In the late 1920s Dora studied theatre at the Dumont Drama Academy in Düsseldorf and worked as a professional actress. In the 1930s Dora joined the Communist Party of Germany as an agitprop actress and married Lutz Lask, editor of Die Rote Fahne, the Communist party newspaper. She gave birth to a daughter, Franziska Marianne Lask, on March 1, 1934.

Dora escaped Germany with her daughter in 1936, joining her husband in Soviet Russia. After Lask was arrested and sent to the Far East during Joseph Stalin's purges in 1937, Dora left the Soviet Union, traveling across Europe, reaching safety in England one week before the Nazis invaded Poland in 1939.

Dora and her daughter were interned as enemy aliens at the Port Erin Women's Detention Camp on the Isle of Man in 1940-1941. Released, she returned to London, where she helped to found the Friends of Yiddish, working to keep the Yiddish language and culture alive. In 1950 she finally realized her lifelong dream and visited the new state of Israel. She died of a kidney failure at Plaistow Hospital in east London on August 15, 1952, and was buried in an unmarked grave in the United Synagogue Cemetery on Marlowe Road in East Ham. In 1999, her living relatives from Israel and Germany gathered at her gravesite for a stonesetting. Her headstone reads "Who knows Dora, knows what love means".

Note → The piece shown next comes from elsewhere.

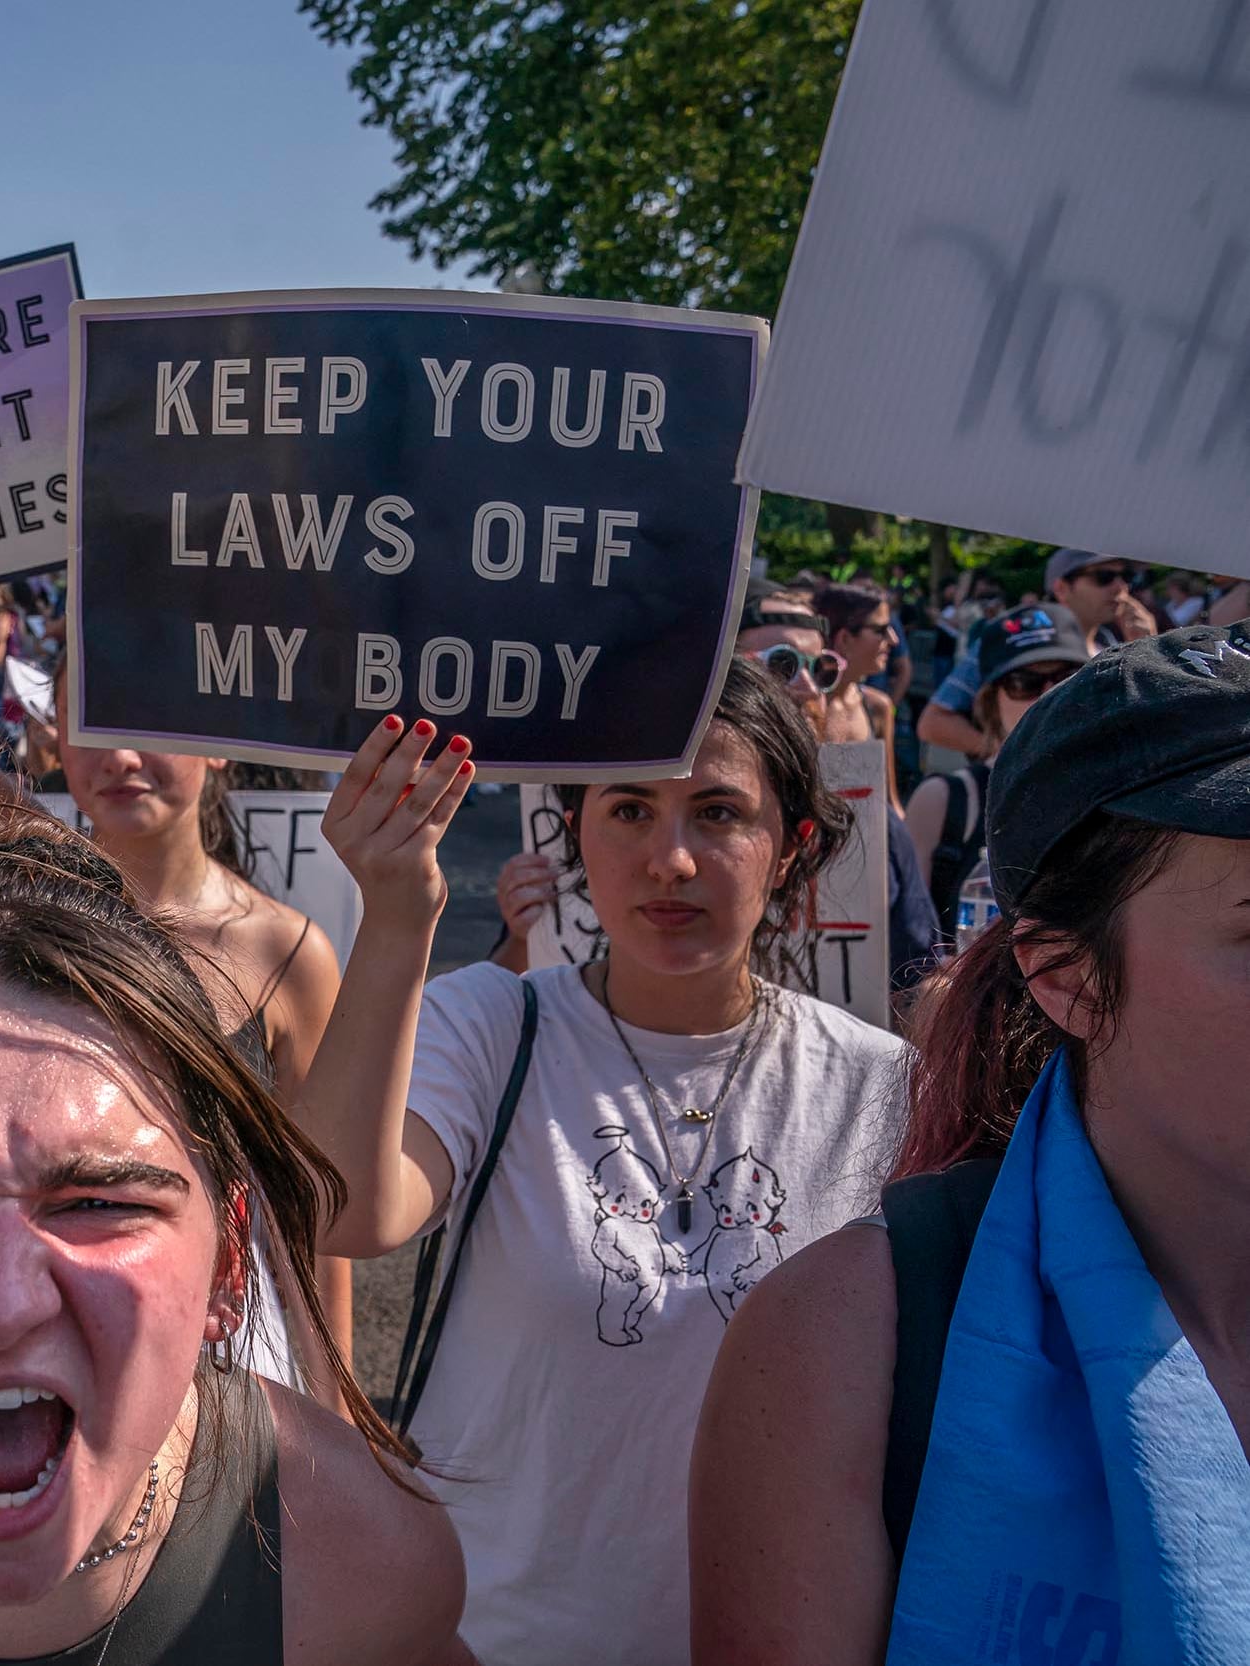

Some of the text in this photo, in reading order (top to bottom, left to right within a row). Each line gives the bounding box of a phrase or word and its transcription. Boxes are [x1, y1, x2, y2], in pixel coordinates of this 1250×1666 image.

[154, 355, 667, 454] KEEP YOUR
[170, 491, 639, 587] LAWS OFF
[194, 621, 602, 721] MY BODY
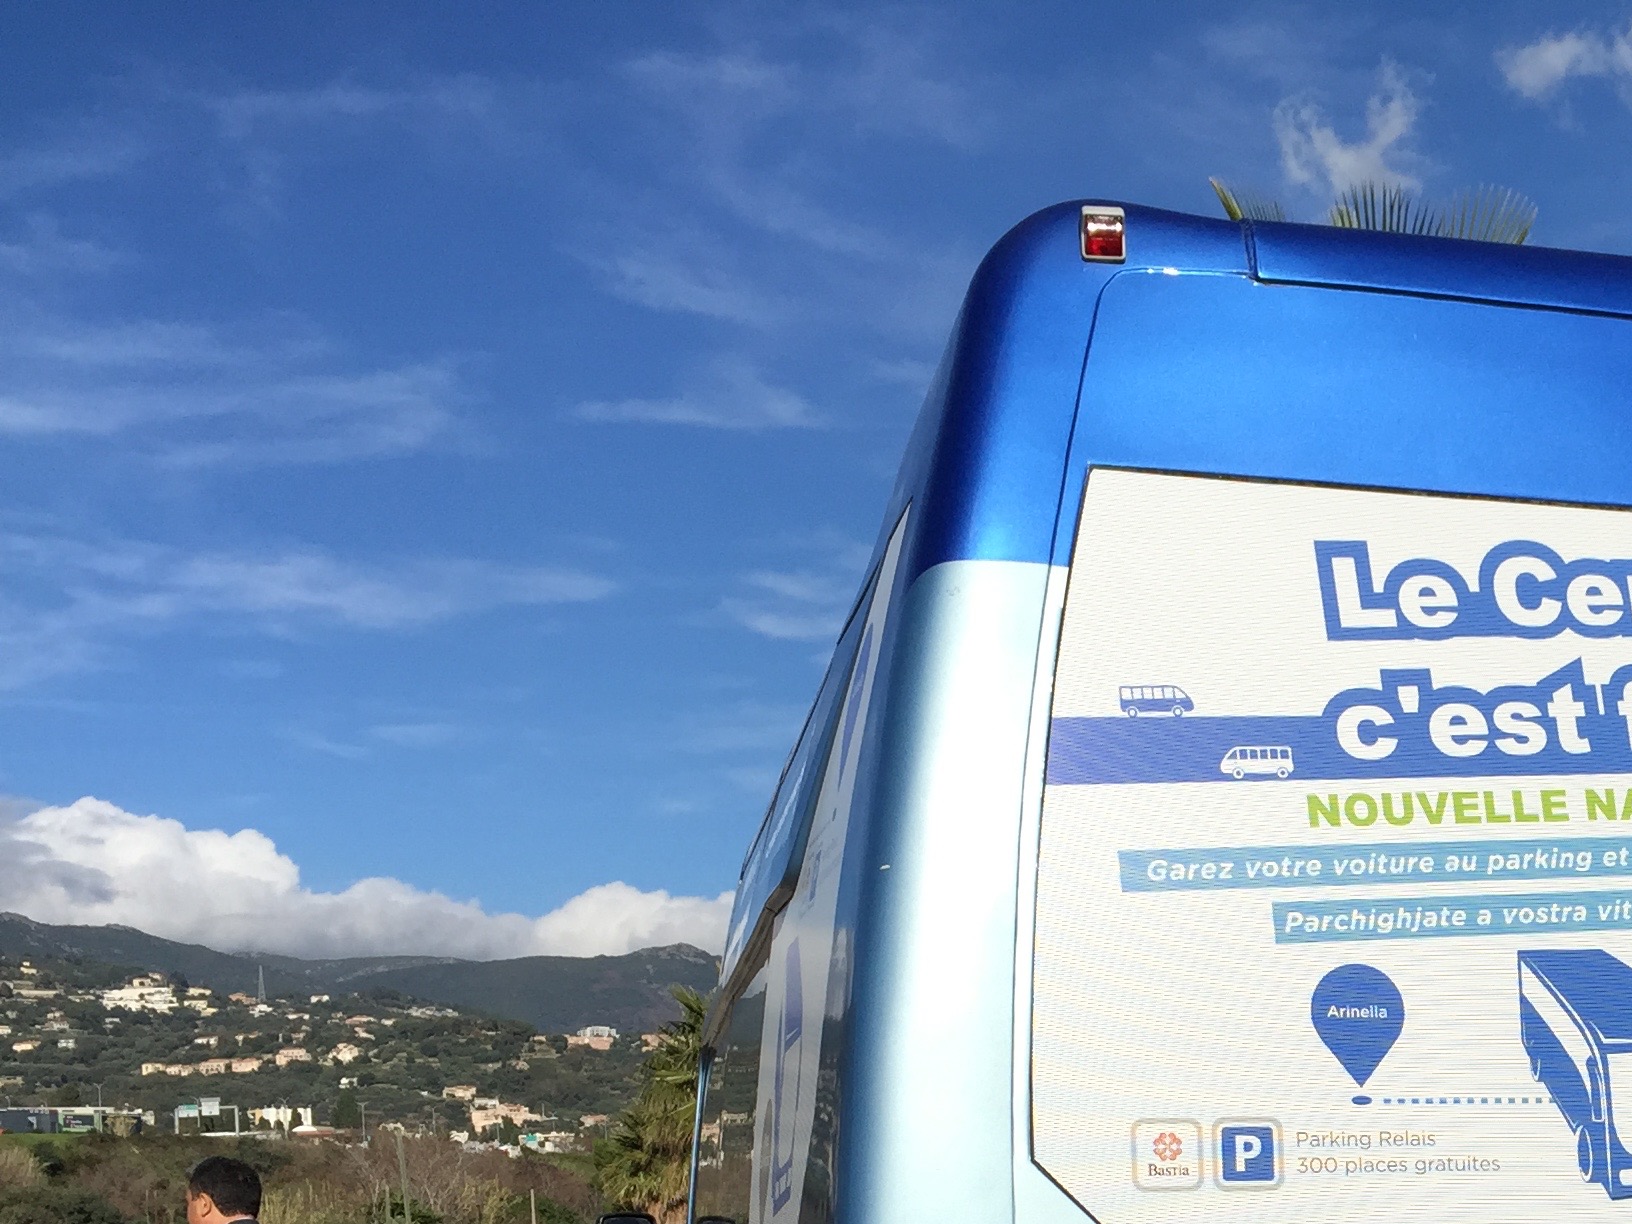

In March 1953, just after Joseph Stalin's death, Lutz Lask was finally allowed to leave the Soviet Union and to live in East Germany. He was shortly afterwards given permission by the East German Communist party to write to England, and thus let his daughter Marianne know that he was still alive. He was first not allowed to travel abroad, but since 1956 Marianne was able to come for visits to East Berlin. Lask died on December 14, 1973 in Berlin. Marianne died in London, on or about September 1, 1982.